__Problem to solve__:
What's needed is an exact copy of all the data below, without pictures.
----- Supplied records -----
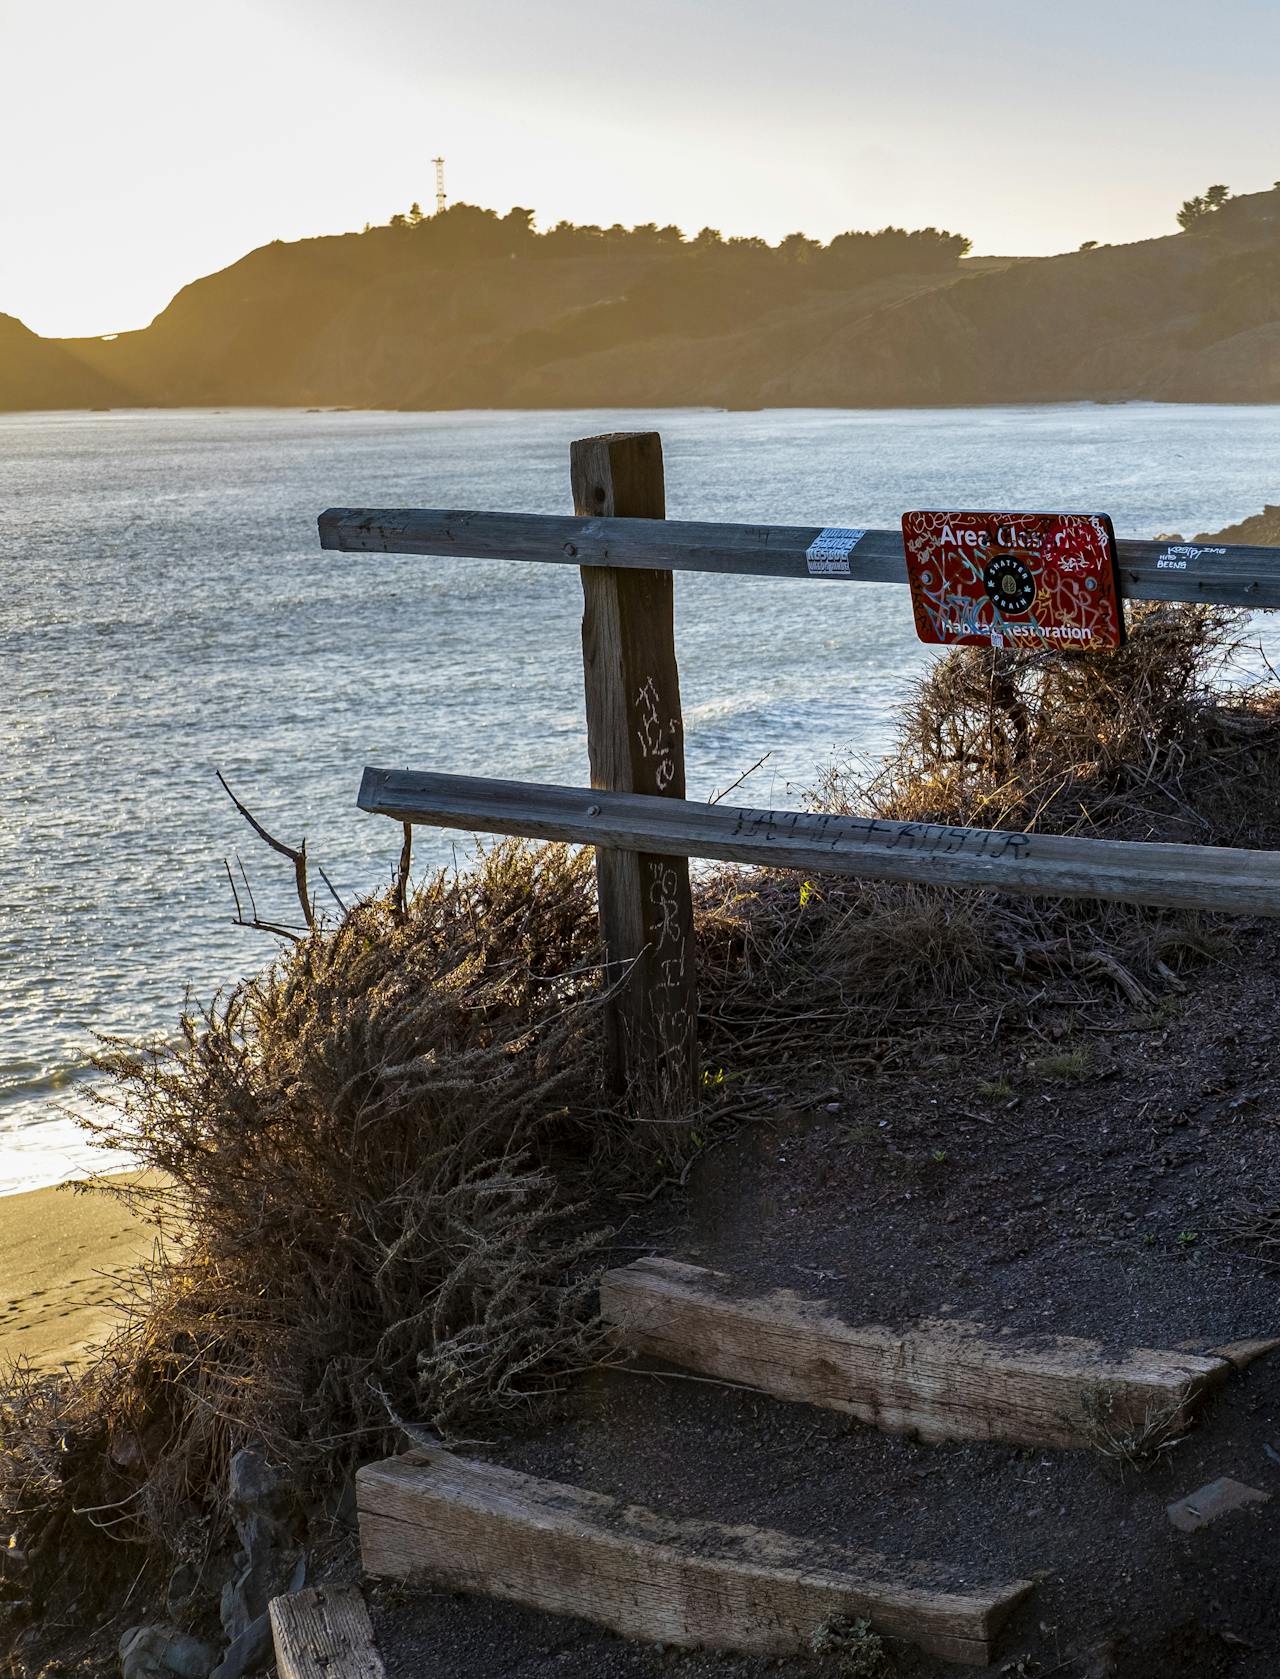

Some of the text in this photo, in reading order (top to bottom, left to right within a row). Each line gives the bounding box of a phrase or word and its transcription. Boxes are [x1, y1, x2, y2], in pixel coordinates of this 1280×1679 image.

[940, 525, 1070, 548] Area Clos
[989, 559, 1028, 580] SHATTER
[941, 619, 997, 636] Habta
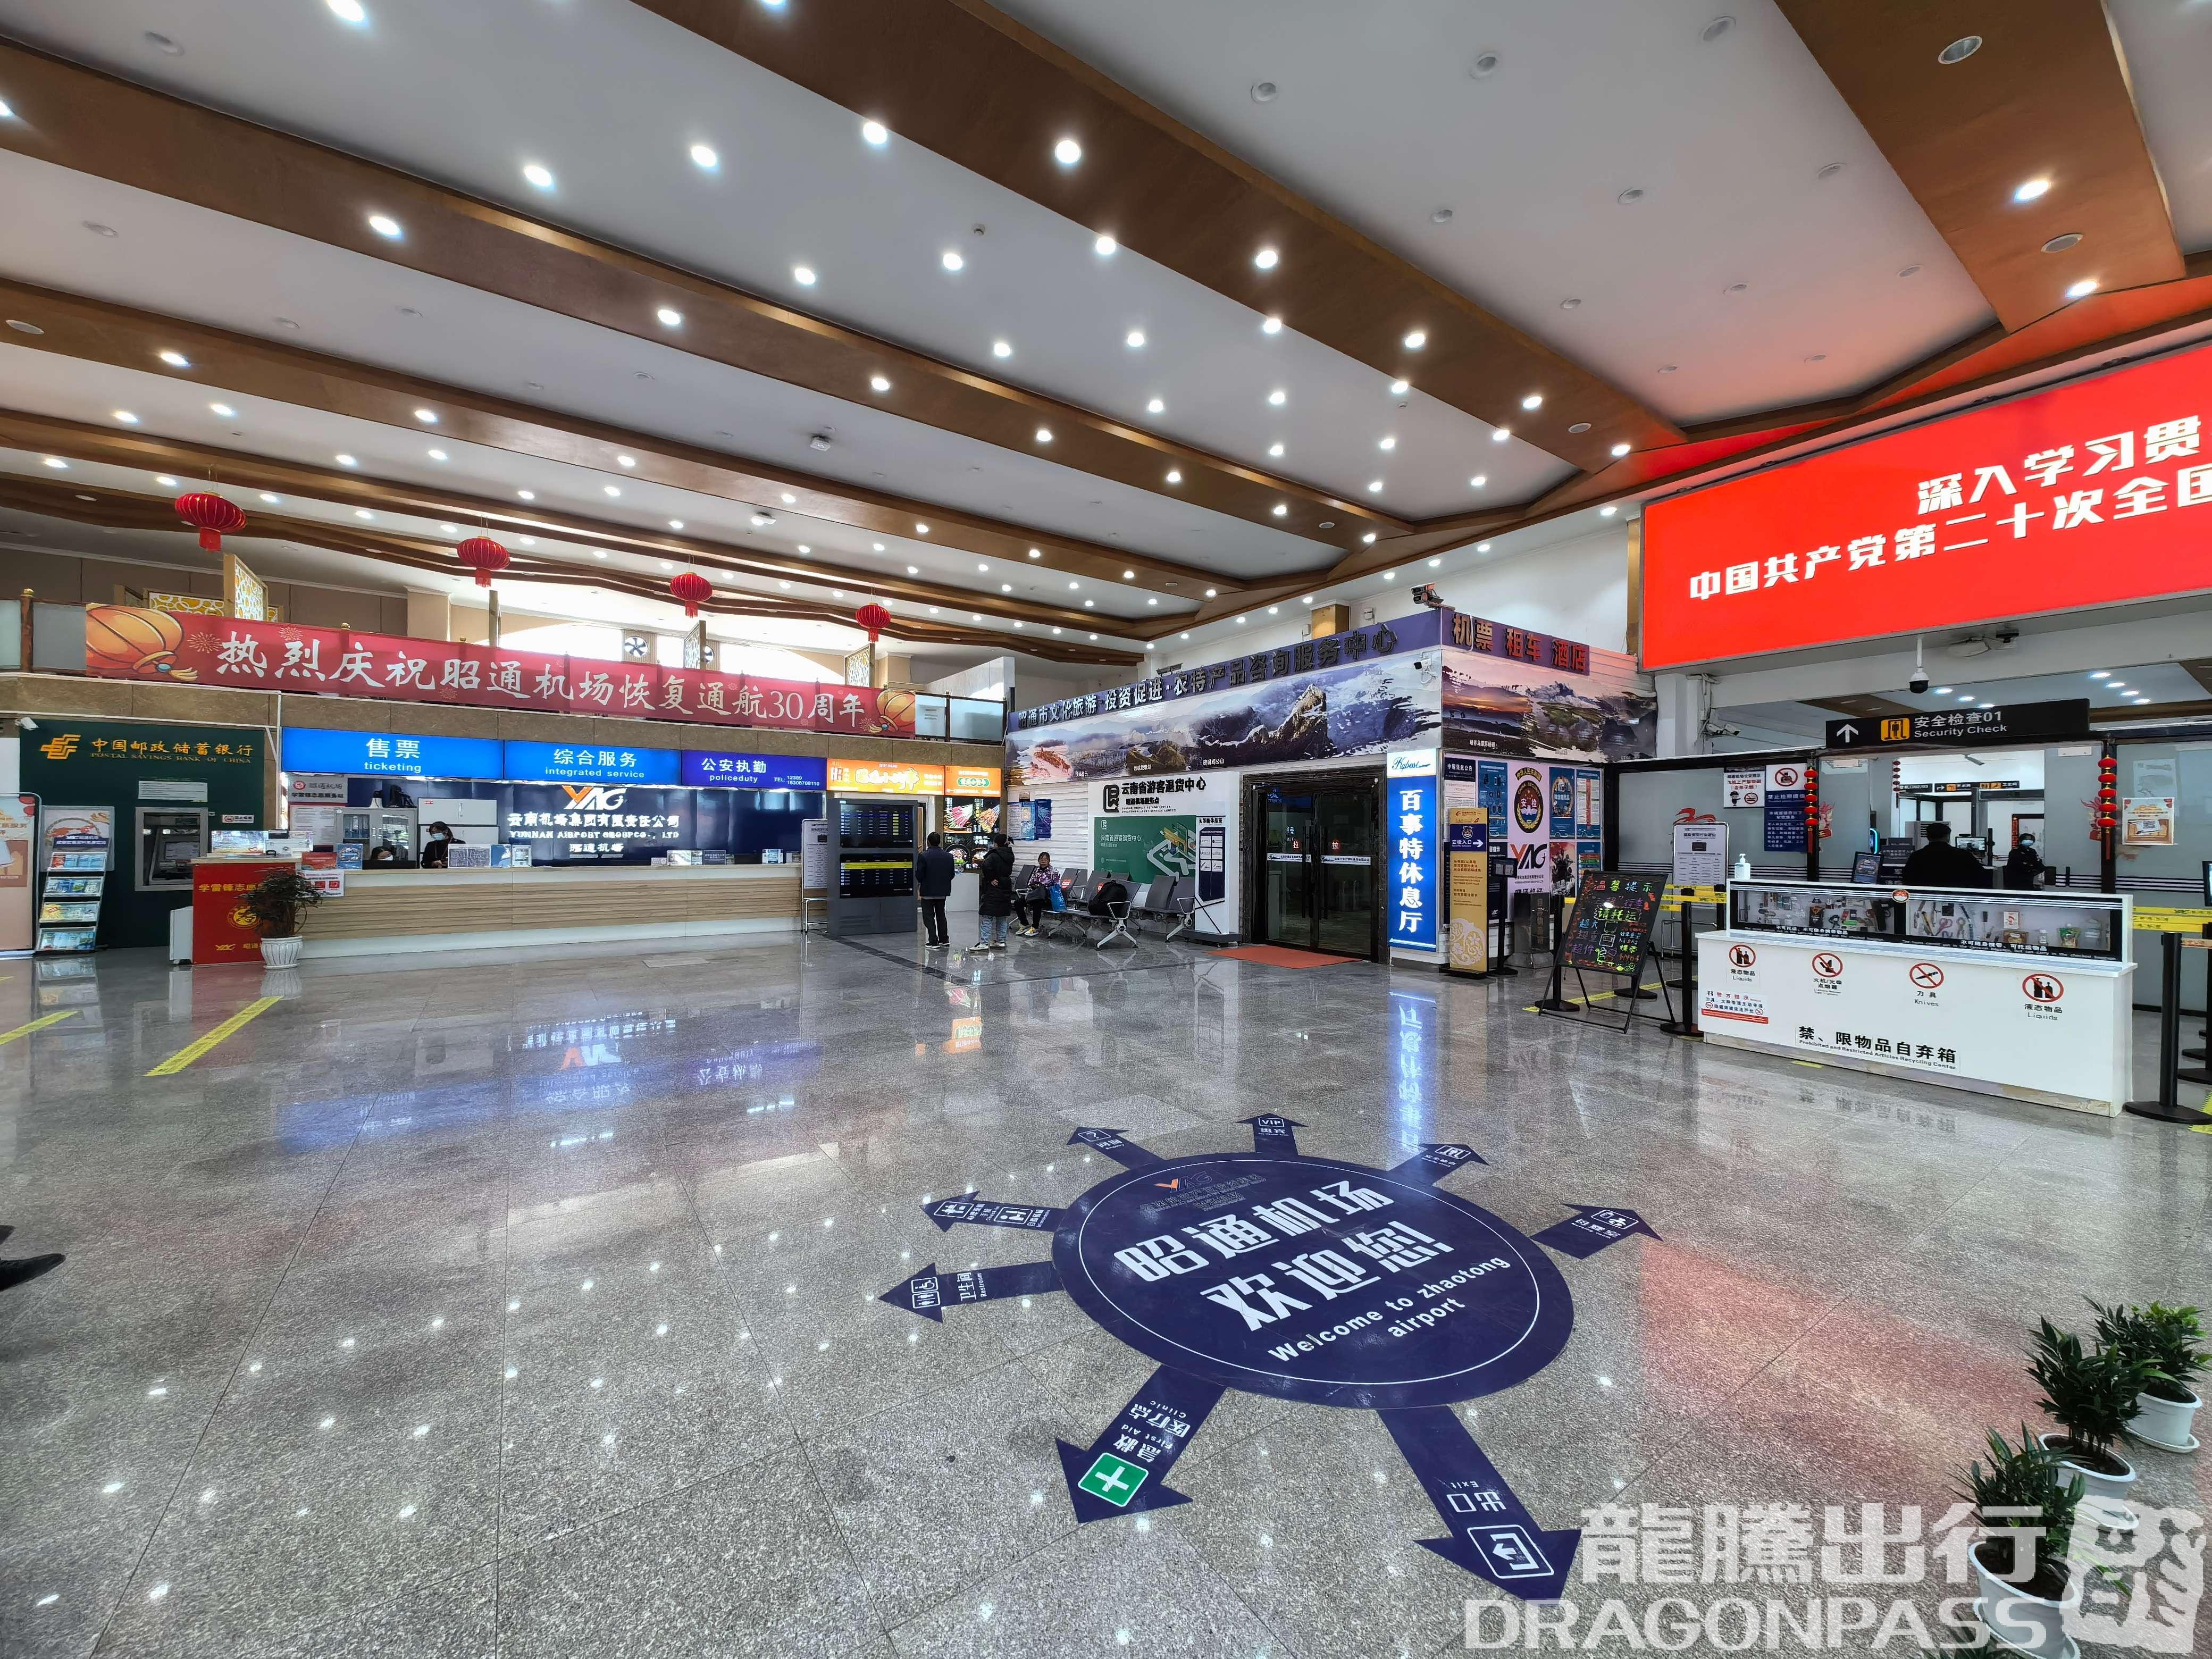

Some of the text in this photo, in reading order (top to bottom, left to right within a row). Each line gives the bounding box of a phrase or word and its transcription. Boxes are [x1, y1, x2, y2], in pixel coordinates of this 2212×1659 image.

[1918, 416, 2200, 515] 深入学习贯
[1453, 613, 1586, 672] 机票 租车 酒店
[216, 631, 865, 727] 热烈庆祝昭通机场恢复通航30周年
[1915, 711, 2001, 727] 安全检查01
[1915, 724, 2007, 738] Security Check
[91, 738, 254, 756] 中国邮政储蓄银行
[365, 738, 421, 759] 售票
[364, 761, 422, 775] ticketing
[554, 749, 637, 767] 综合服务
[701, 758, 767, 773] 公安执勤
[545, 767, 601, 777] integrated
[710, 774, 758, 783] policeduty
[1121, 776, 1206, 794] 云南省游客退货中心
[507, 812, 679, 828] 云南机场集团有限责任公司
[569, 843, 624, 853] 昭通机场
[1398, 789, 1424, 933] 百事特休息厅
[1598, 908, 1637, 920] 请托运
[2024, 1003, 2062, 1013] 液态物品
[2027, 1011, 2058, 1020] Liquids
[1799, 1026, 1957, 1063] 禁、限物品自弃箱
[1799, 1040, 1829, 1048] Prohibited
[1842, 1046, 1873, 1055] Restricted
[1900, 1056, 1932, 1066] Recycling
[1114, 1180, 1394, 1282] 昭通机场
[957, 1272, 976, 1302] 卫生间
[977, 1272, 987, 1297] Restroom
[1268, 1256, 1511, 1361] Welcome to zhaotong
[1387, 1297, 1466, 1337] airport
[1150, 1401, 1186, 1418] Clinic
[1128, 1403, 1191, 1438] 医疗点
[1121, 1424, 1174, 1449] First Aid
[1113, 1434, 1162, 1462] 急救
[1446, 1492, 1506, 1513] 出口
-----
__Output for this exercise__:
Some of the text in this photo, in reading order (top to bottom, left to right within a row). Each line gives the bounding box of a phrase or word and its transcription. Boxes are [x1, y1, x2, y2], in pixel coordinates of this 1280×1679 image.

[940, 525, 1070, 548] Area Clos
[989, 559, 1028, 580] SHATTER
[941, 619, 997, 636] Habta

Some of the text in this photo, in reading order (top to bottom, left to right within a row). Each line gives the bounding box of a phrase or word and its transcription. Boxes are [x1, y1, x2, y2], in pixel coordinates of this 2212×1659 image.

[1918, 416, 2200, 515] 深入学习贯
[1453, 613, 1586, 672] 机票 租车 酒店
[216, 631, 865, 727] 热烈庆祝昭通机场恢复通航30周年
[1915, 711, 2001, 727] 安全检查01
[1915, 724, 2007, 738] Security Check
[91, 738, 254, 756] 中国邮政储蓄银行
[365, 738, 421, 759] 售票
[364, 761, 422, 775] ticketing
[554, 749, 637, 767] 综合服务
[701, 758, 767, 773] 公安执勤
[545, 767, 601, 777] integrated
[710, 774, 758, 783] policeduty
[1121, 776, 1206, 794] 云南省游客退货中心
[507, 812, 679, 828] 云南机场集团有限责任公司
[569, 843, 624, 853] 昭通机场
[1398, 789, 1424, 933] 百事特休息厅
[1598, 908, 1637, 920] 请托运
[2024, 1003, 2062, 1013] 液态物品
[2027, 1011, 2058, 1020] Liquids
[1799, 1026, 1957, 1063] 禁、限物品自弃箱
[1799, 1040, 1829, 1048] Prohibited
[1842, 1046, 1873, 1055] Restricted
[1900, 1056, 1932, 1066] Recycling
[1114, 1180, 1394, 1282] 昭通机场
[957, 1272, 976, 1302] 卫生间
[977, 1272, 987, 1297] Restroom
[1268, 1256, 1511, 1361] Welcome to zhaotong
[1387, 1297, 1466, 1337] airport
[1150, 1401, 1186, 1418] Clinic
[1128, 1403, 1191, 1438] 医疗点
[1121, 1424, 1174, 1449] First Aid
[1113, 1434, 1162, 1462] 急救
[1446, 1492, 1506, 1513] 出口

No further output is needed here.